O trabalho foi desenvolvido entre os meses de outubro de 2007 e janeiro de 2008, utilizando-se 195 ciclos estrais referentes a 140 éguas mestiças, com 2,5 a 19 anos de idade, distribuídas de forma inteiramente ao acaso, por meio de sorteio, após agrupamento por idade e por categoria reprodutiva em: potra, égua solteira, égua parida ou no "cio do potro".

As éguas foram examinadas por meio de palpação transretal, diariamente, a partir da detecção de um folículo de 2,0 a 2,5cm de diâmetro, em um dos ovários. A seguir, foram rufiadas quando necessário. As inseminações foram realizadas quando da detecção de um folículo com diâmetro de 3,0 a 3,5cm, em um dos ovários, até a ovulação, sendo o sêmen depositado no corpo do útero por via intravaginal profunda. Para o diagnóstico de gestação, palpação transretal e rufiação de retorno foram realizadas a partir do 15º dia pós-ovulação, complementadas pelo uso de ultrassonografia, realizada a cada 14 dias.

Foram utilizados cinco jumentos da raça Pêga como doadores de sêmen, previamente avaliados. O sêmen foi coletado por meio de vagina artificial modelo Hannover, às terças, quintas e sábados (três vezes/semana). Após avaliação da motilidade e do vigor espermáticos, realizou-se a contagem das células na câmara de Newbauer, para cálculo da concentração, com posterior diluição do sêmen em diluidor à base de leite em pó desnatado-glicose (Kenney et al., 1983) ou de glicina-gema de ovo (Foote, 2002).
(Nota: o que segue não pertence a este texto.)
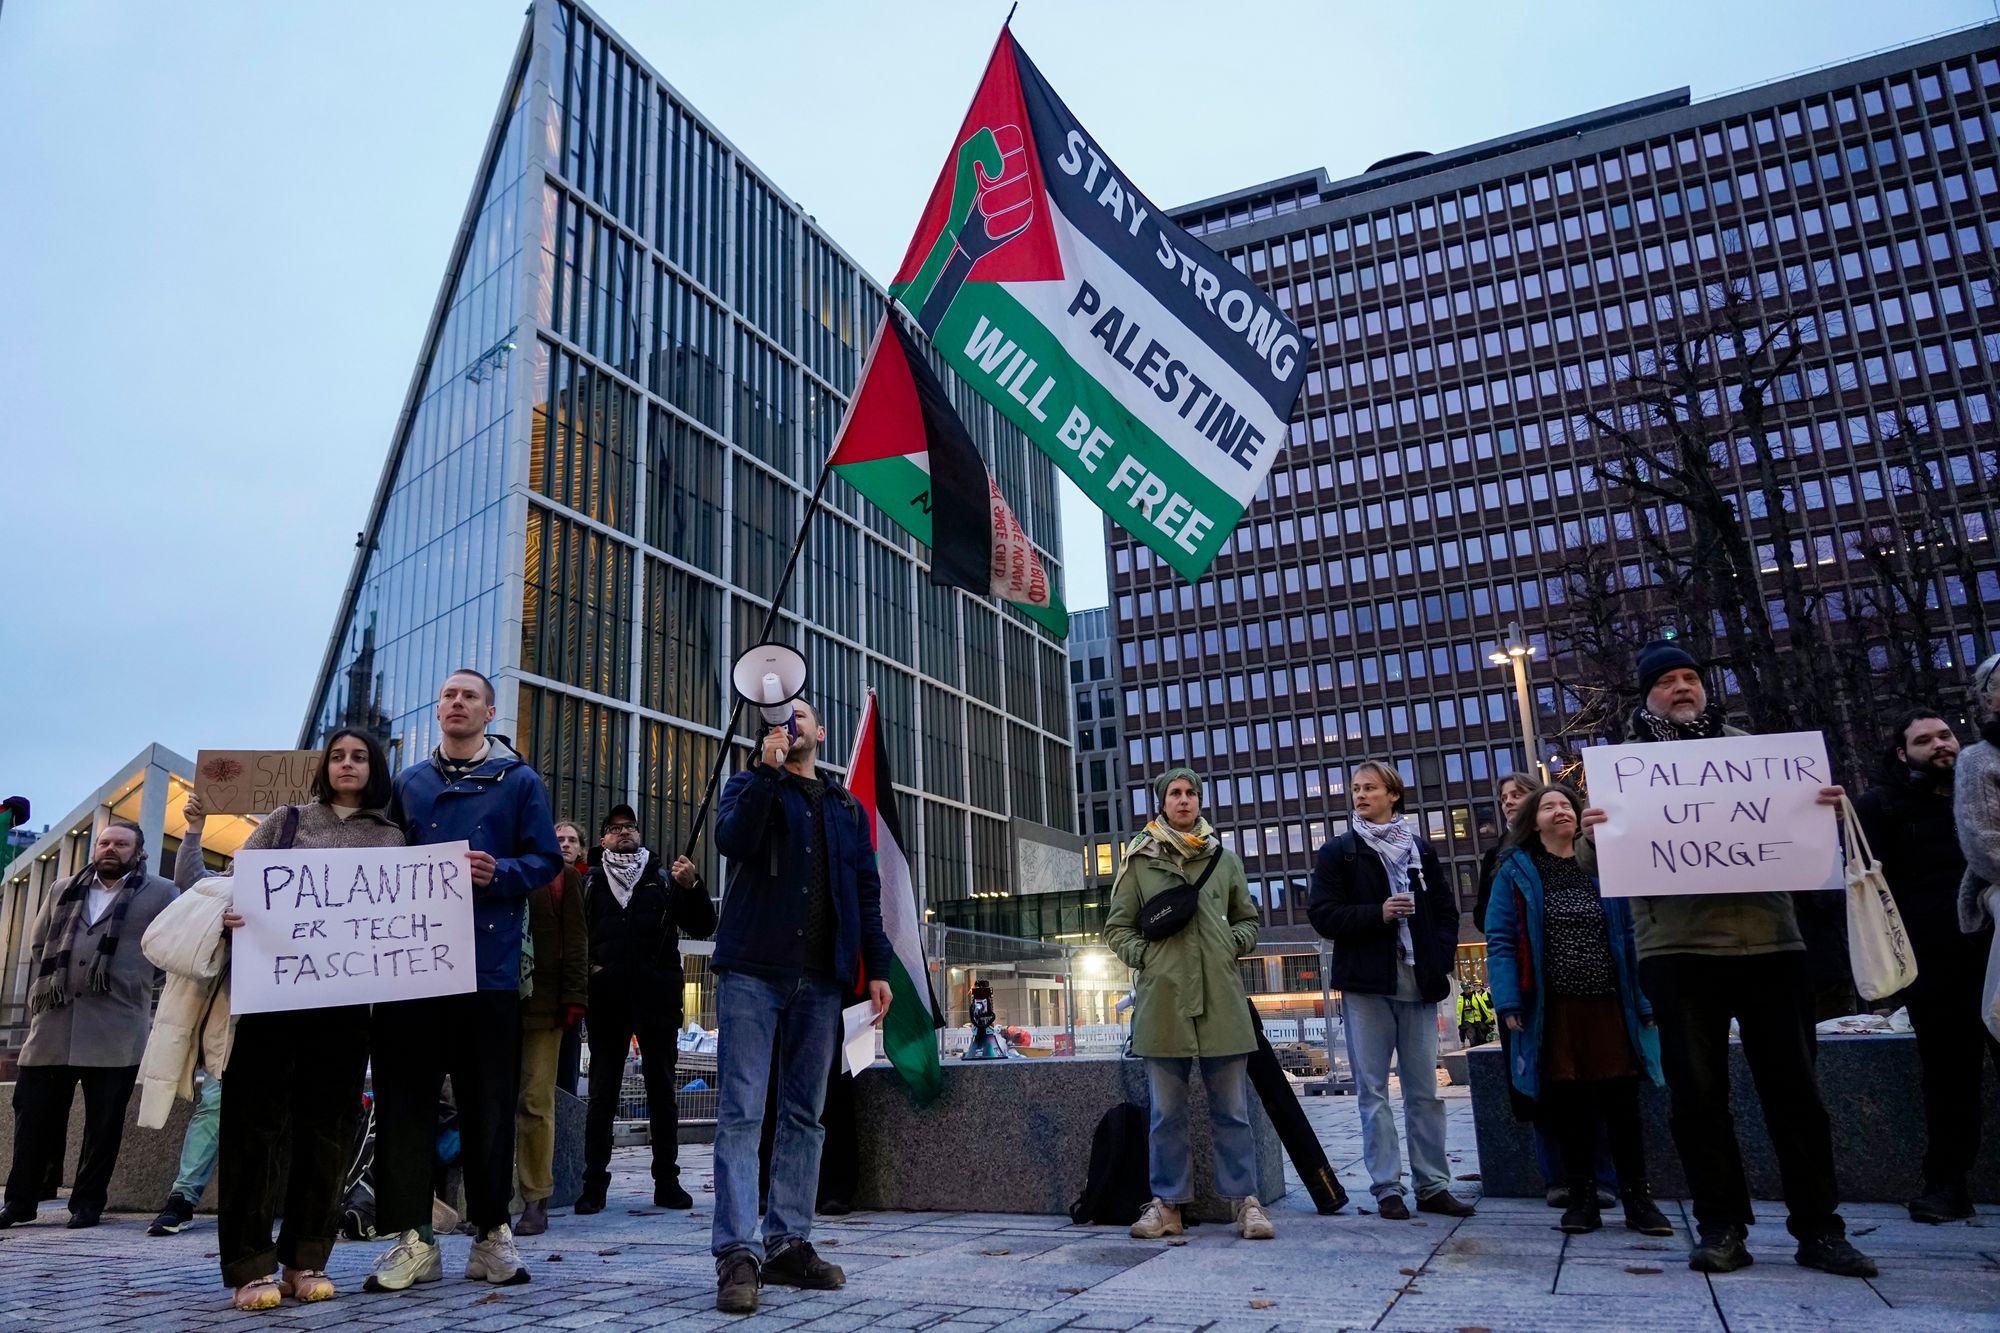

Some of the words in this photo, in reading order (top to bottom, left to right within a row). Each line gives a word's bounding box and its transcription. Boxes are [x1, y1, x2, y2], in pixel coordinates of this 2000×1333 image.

[1057, 129, 1148, 237] STAY
[1156, 230, 1300, 381] STRONG
[1067, 280, 1266, 471] PALESTINE
[963, 315, 1056, 423] WILL
[1056, 405, 1114, 474] BE
[1106, 454, 1215, 555] FREE
[1615, 756, 1823, 793] PALANTIR
[1663, 801, 1715, 824] UT
[1730, 797, 1771, 824] AV
[1650, 840, 1793, 873] NORGE
[263, 855, 463, 910] PALANTIR
[291, 920, 328, 940] ER
[344, 913, 443, 941] TECH-
[273, 944, 455, 985] FASCITER
As doses inseminantes, de 20mL e 400x106 espermatozoides móveis, foram resfriadas a 5ºC por 12 horas de armazenamento, em contêiner especial, apresentando queda de temperatura lenta, entre 18-8ºC, de 0,07ºC/minuto (Palhares, 1997).

Para análise do efeito do número de inseminações sobre a fertilidade, agruparam-se os dados segundo o número de inseminações realizadas por ciclo em: 1IA, 2IA e 3 ou mais IA. O número de inseminações em cada ciclo foi consequência da duração do cio da égua, o que resultou em número de repetições diferente para cada grupo.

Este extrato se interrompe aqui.